- **Task brief**
Each line from the one containing "Some of the words" through the final line of the data below must be repeated exactly.

- **Material provided**
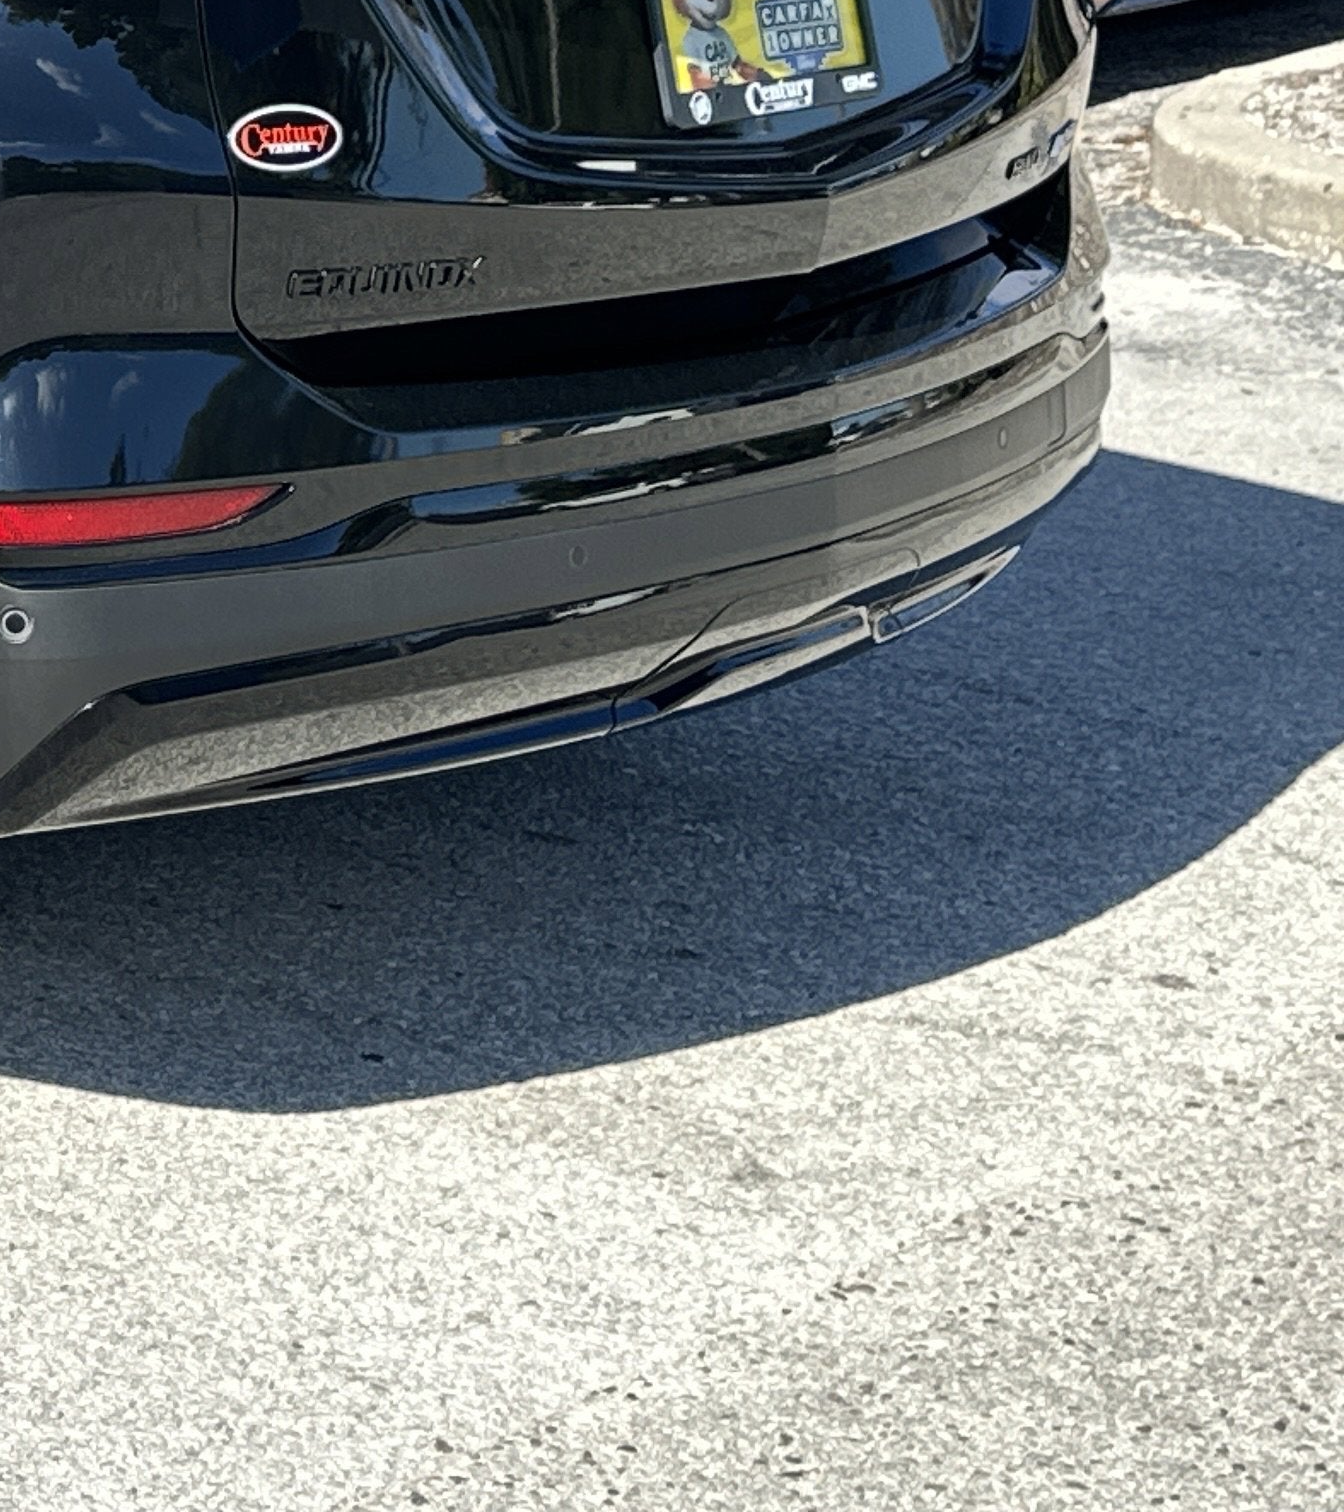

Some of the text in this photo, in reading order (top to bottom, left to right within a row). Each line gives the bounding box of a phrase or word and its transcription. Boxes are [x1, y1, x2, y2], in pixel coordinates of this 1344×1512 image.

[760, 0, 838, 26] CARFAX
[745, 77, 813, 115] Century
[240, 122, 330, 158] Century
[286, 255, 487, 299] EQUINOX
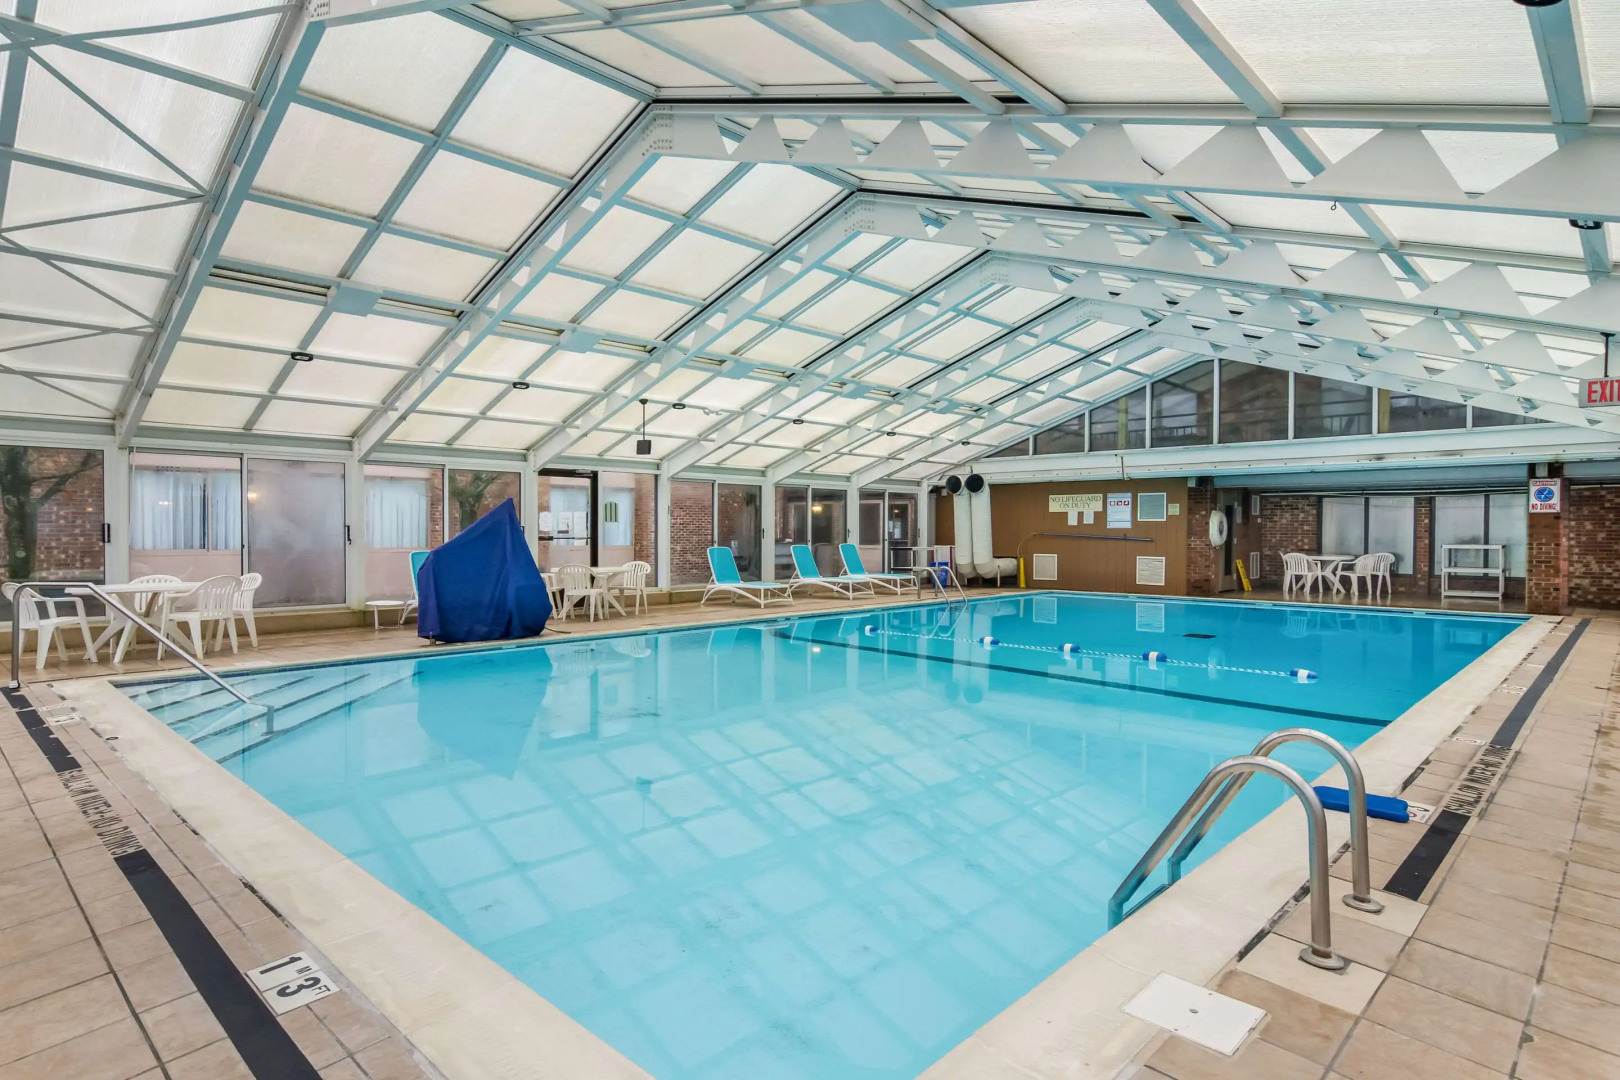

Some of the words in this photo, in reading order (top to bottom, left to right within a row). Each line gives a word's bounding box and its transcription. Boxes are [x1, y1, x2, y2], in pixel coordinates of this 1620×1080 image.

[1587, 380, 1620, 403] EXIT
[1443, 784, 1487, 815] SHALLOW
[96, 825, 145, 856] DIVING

- **Solution for this task**
Some of the words in this photo, in reading order (top to bottom, left to right within a row). Each line gives a word's bounding box and its transcription. Boxes are [x1, y1, x2, y2], in pixel coordinates of this 1620×1080 image.

[1587, 380, 1620, 403] EXIT
[1443, 784, 1487, 815] SHALLOW
[96, 825, 145, 856] DIVING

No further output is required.